Neil shares the exact moment he realized that he could take control of his brain function, his neuroplasticity, and change the way he experienced life. He was able to lose excess of 65 pounds, restore his destroyed sleep schedule, and heal some debilitating digestive. Today, he helps his clients leverage this same brain science to alter abundance, build the right habits, and increase their happiness.

I think just about everyone would benefit from connecting with Neal because I truly believe that everybody needs to understand how strong you can live your life and how fulfilling it can be when you decide and choose how your brain functions, creating that life that truly aligns what you love with what you do every single day. You know I'm all about fulfillment, and that's what Neal is all about — so I cannot wait to share him with you!

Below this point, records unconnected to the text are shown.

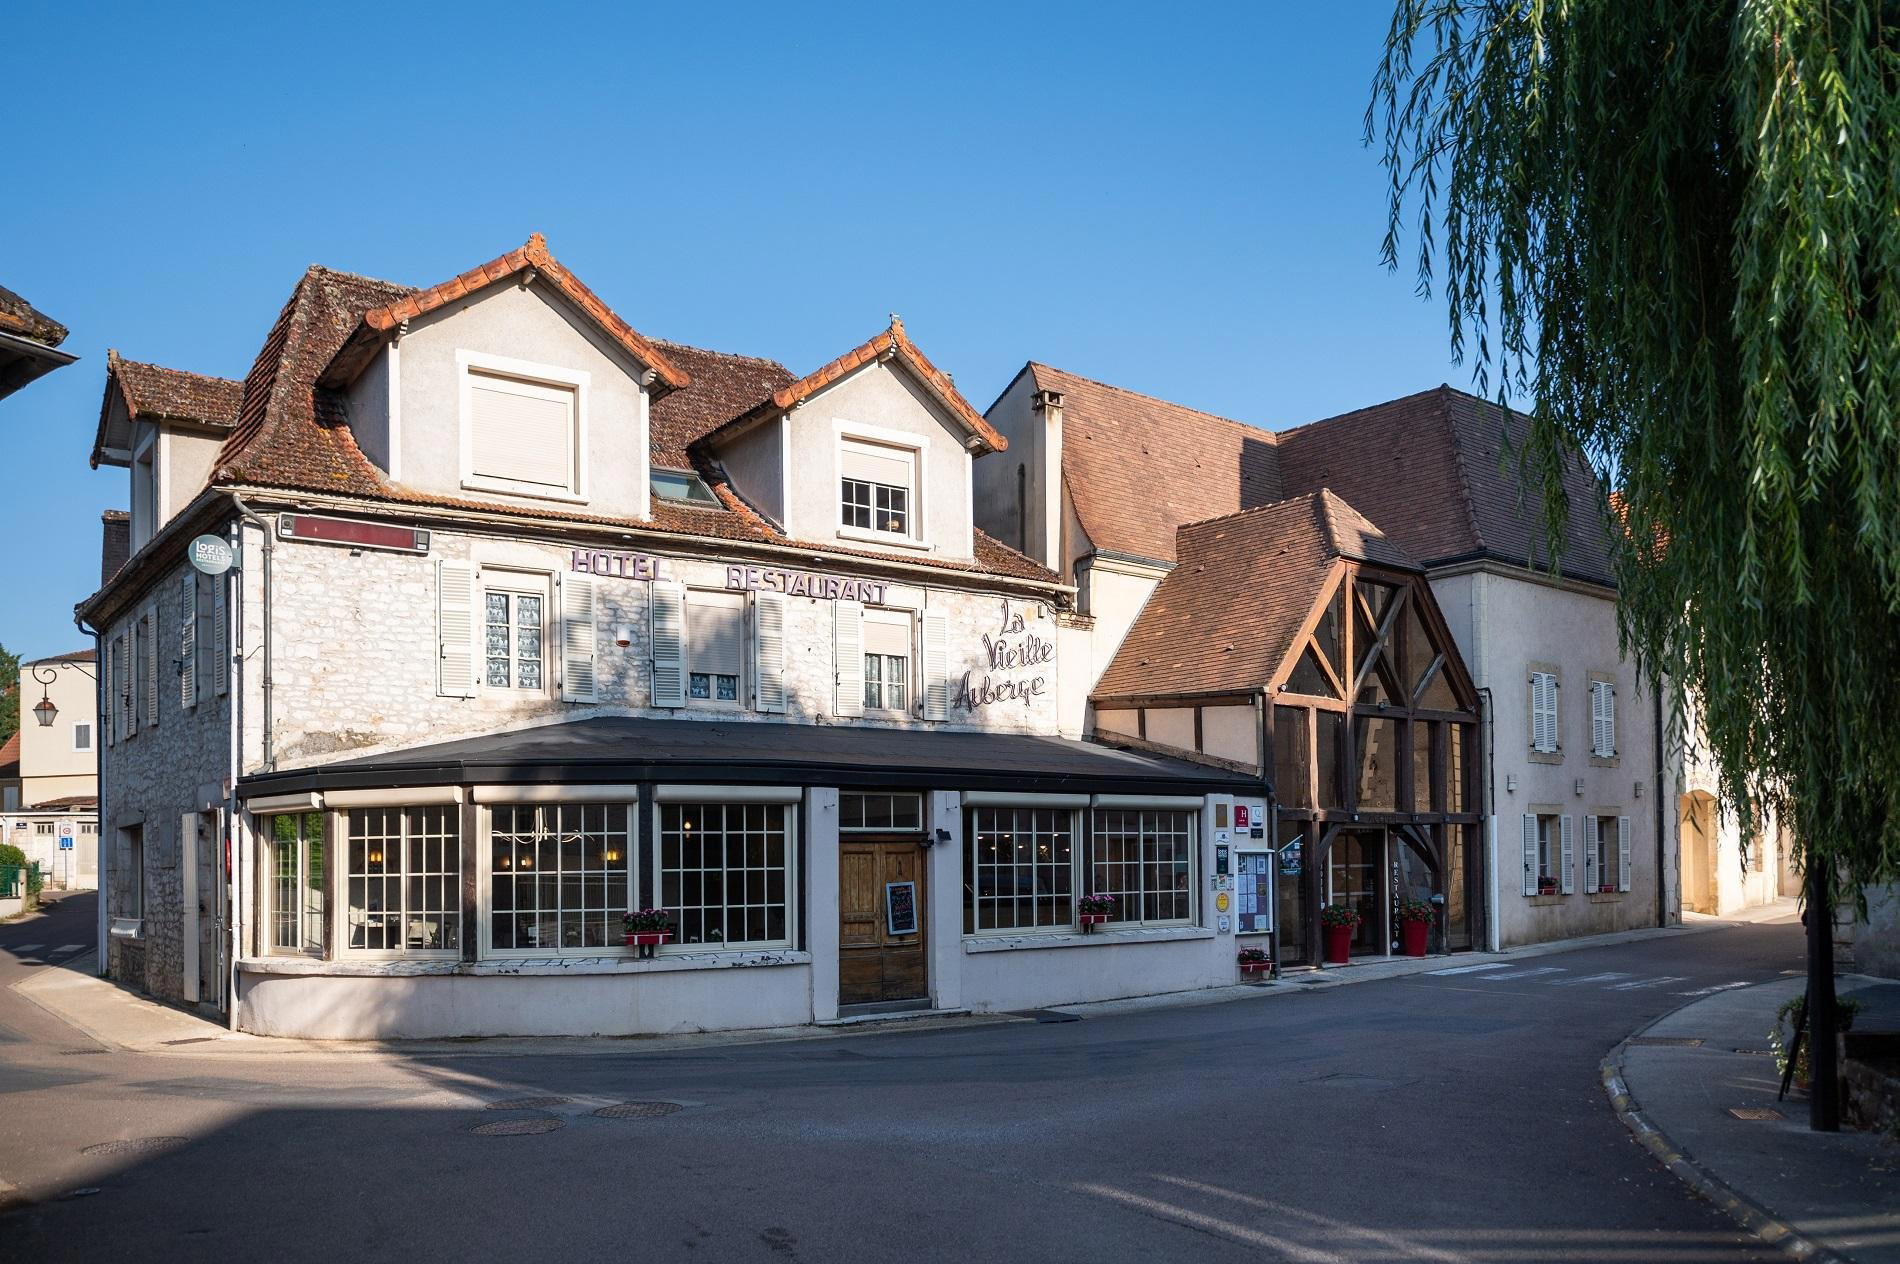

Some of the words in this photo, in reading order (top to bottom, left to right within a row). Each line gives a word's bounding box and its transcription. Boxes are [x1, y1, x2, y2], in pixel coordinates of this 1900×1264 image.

[571, 547, 671, 582] HOTEL
[726, 563, 891, 605] RESTAURANT
[1000, 599, 1025, 636] La
[981, 633, 1056, 672] Vieille
[953, 671, 1045, 713] Auberge
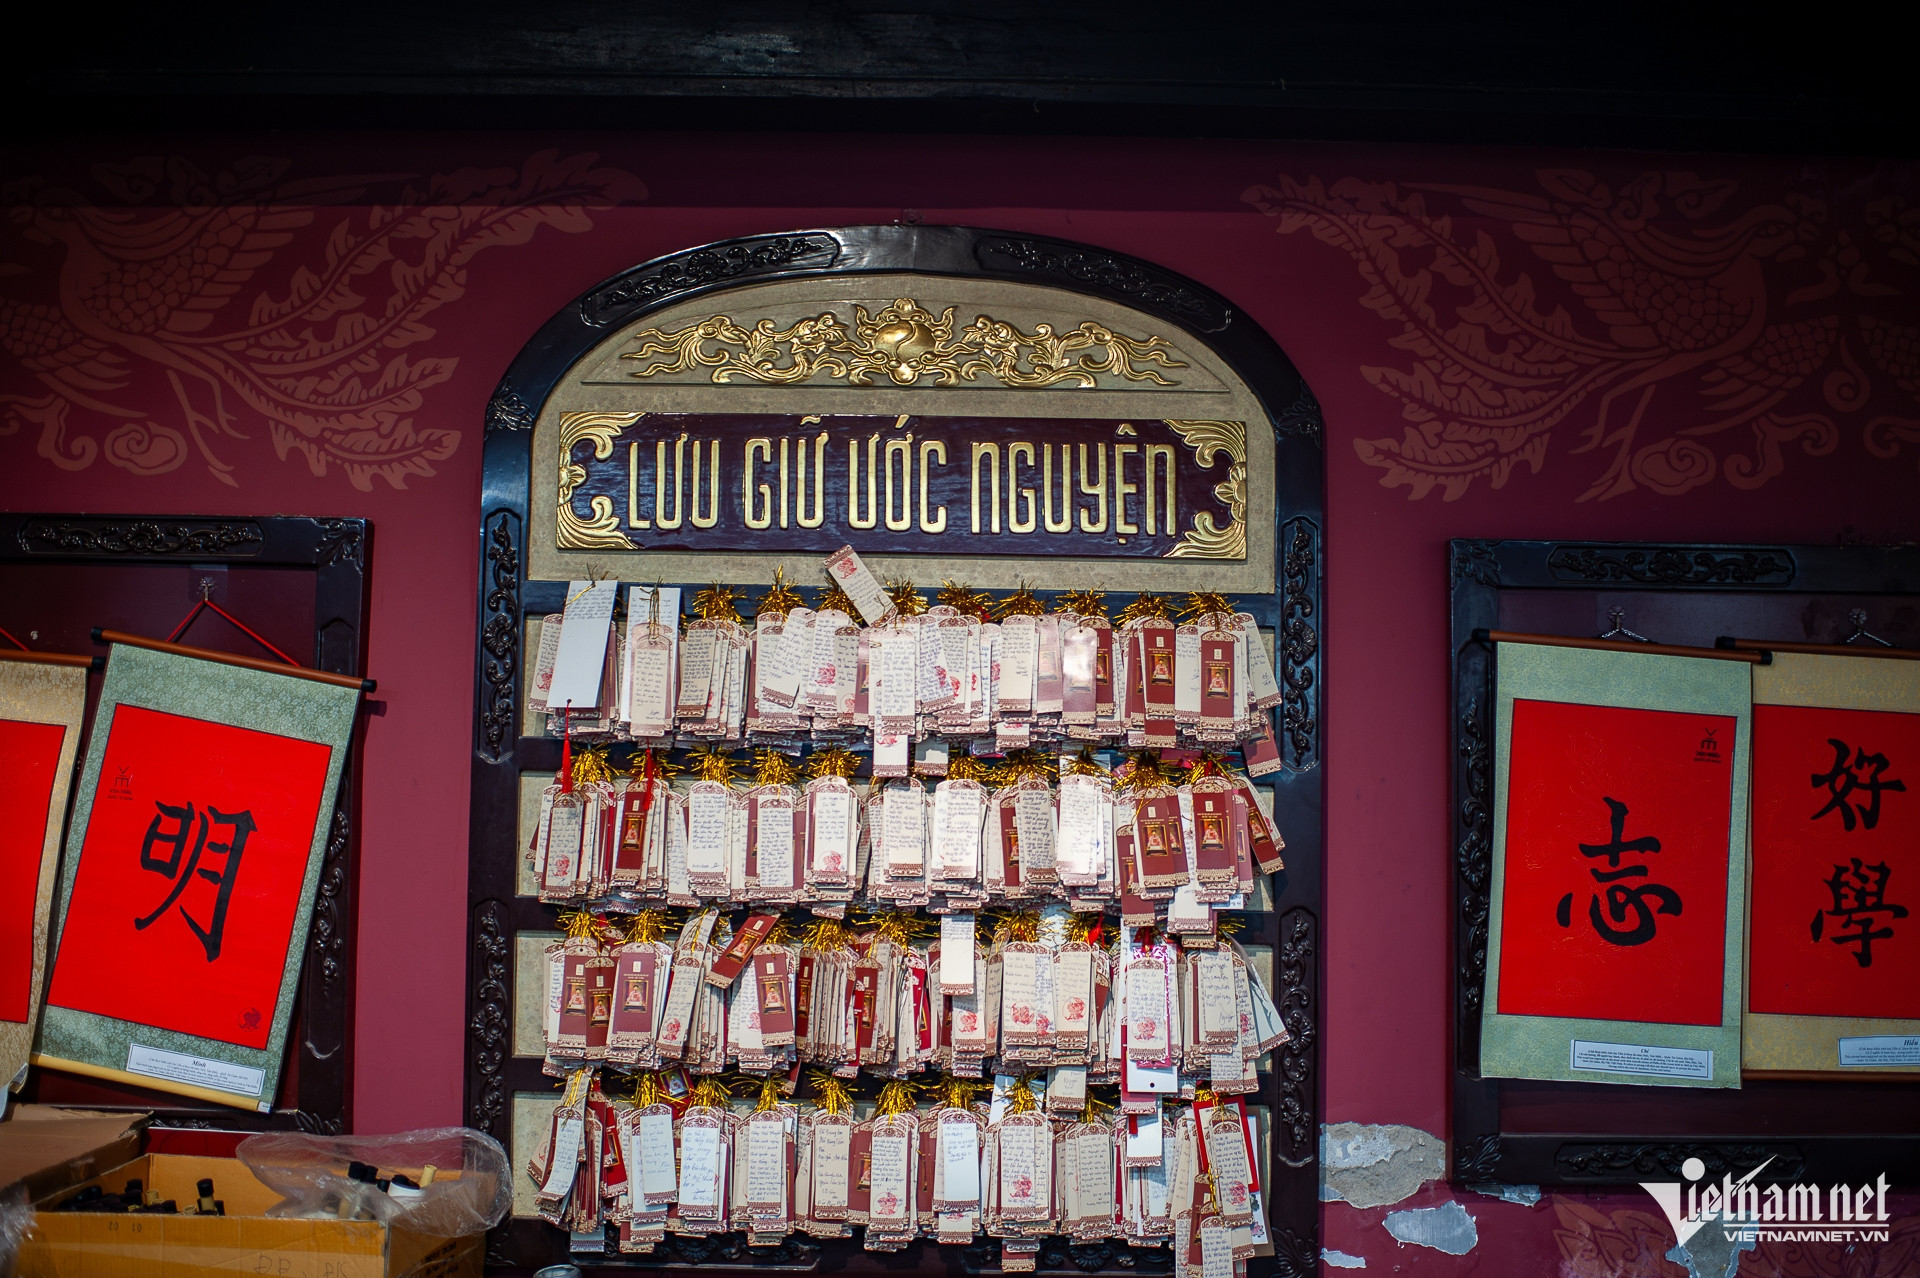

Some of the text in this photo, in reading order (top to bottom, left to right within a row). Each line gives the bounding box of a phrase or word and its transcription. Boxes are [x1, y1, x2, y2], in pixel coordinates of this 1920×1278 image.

[628, 414, 1176, 545] LƯU GIỮ ƯỚC NGUYỆN
[135, 801, 257, 962] 明
[1556, 797, 1683, 946] 志
[1810, 738, 1910, 968] 好學

Life Doesn’t Go in a Straight Line

Neal’s father was born into abject poverty, on a dirt floor farm in the Himalayas. Most people would consider traveling to the United States, going to veterinary school, and getting a PhD in genetics to be out of reach to him — but he knew better.

In the process, Neal’s father taught him and showed him the incredible power of the brain — and gifted him with the mindset that he could create anything with your mind. “Instead of bonding over football and other things, we bonded over ideas,” Neal says.

That curiosity propelled Neal through primary school and into medical school, but then things started to go wrong with his body. He couldn’t find any answers, and the school wasn’t interested in giving him the time to find those answers, so he left and started a corporate career.

But, after about a decade, he was overweight, sleeping in bed three to five hours a day, and had brain fog so thick he’d get lost in his own neighborhood. He was finally at his wit’s end.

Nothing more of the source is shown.